Every line of the data must be set down exactly as shown.

══ Supplied data

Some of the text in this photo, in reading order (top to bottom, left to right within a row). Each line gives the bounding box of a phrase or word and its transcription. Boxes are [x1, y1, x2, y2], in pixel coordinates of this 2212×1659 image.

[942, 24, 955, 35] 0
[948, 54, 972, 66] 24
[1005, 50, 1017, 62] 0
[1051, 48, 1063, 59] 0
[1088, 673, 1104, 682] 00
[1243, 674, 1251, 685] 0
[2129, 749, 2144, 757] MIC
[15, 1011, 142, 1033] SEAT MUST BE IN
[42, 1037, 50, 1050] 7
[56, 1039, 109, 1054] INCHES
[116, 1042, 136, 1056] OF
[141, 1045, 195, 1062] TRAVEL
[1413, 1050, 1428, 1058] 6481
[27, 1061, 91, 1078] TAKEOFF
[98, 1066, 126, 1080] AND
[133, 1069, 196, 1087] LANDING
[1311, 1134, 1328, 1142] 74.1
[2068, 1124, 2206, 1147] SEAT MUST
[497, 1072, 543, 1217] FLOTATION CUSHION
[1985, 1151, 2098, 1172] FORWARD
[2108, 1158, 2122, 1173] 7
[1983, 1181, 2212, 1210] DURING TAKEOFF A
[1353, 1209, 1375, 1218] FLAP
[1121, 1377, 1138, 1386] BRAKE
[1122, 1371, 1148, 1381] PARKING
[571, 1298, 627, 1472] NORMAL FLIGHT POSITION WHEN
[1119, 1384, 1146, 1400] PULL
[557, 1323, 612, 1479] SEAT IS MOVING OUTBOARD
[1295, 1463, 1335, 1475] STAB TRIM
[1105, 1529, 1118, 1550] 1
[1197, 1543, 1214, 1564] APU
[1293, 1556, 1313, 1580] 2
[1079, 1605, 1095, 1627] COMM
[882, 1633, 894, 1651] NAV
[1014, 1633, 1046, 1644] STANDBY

════

Result of this task:
Some of the text in this photo, in reading order (top to bottom, left to right within a row). Each line gives the bounding box of a phrase or word and its transcription. Boxes are [x1, y1, x2, y2], in pixel coordinates of this 2212×1659 image.

[942, 24, 955, 35] 0
[948, 54, 972, 66] 24
[1005, 50, 1017, 62] 0
[1051, 48, 1063, 59] 0
[1088, 673, 1104, 682] 00
[1243, 674, 1251, 685] 0
[2129, 749, 2144, 757] MIC
[15, 1011, 142, 1033] SEAT MUST BE IN
[42, 1037, 50, 1050] 7
[56, 1039, 109, 1054] INCHES
[116, 1042, 136, 1056] OF
[141, 1045, 195, 1062] TRAVEL
[1413, 1050, 1428, 1058] 6481
[27, 1061, 91, 1078] TAKEOFF
[98, 1066, 126, 1080] AND
[133, 1069, 196, 1087] LANDING
[1311, 1134, 1328, 1142] 74.1
[2068, 1124, 2206, 1147] SEAT MUST
[497, 1072, 543, 1217] FLOTATION CUSHION
[1985, 1151, 2098, 1172] FORWARD
[2108, 1158, 2122, 1173] 7
[1983, 1181, 2212, 1210] DURING TAKEOFF A
[1353, 1209, 1375, 1218] FLAP
[1121, 1377, 1138, 1386] BRAKE
[1122, 1371, 1148, 1381] PARKING
[571, 1298, 627, 1472] NORMAL FLIGHT POSITION WHEN
[1119, 1384, 1146, 1400] PULL
[557, 1323, 612, 1479] SEAT IS MOVING OUTBOARD
[1295, 1463, 1335, 1475] STAB TRIM
[1105, 1529, 1118, 1550] 1
[1197, 1543, 1214, 1564] APU
[1293, 1556, 1313, 1580] 2
[1079, 1605, 1095, 1627] COMM
[882, 1633, 894, 1651] NAV
[1014, 1633, 1046, 1644] STANDBY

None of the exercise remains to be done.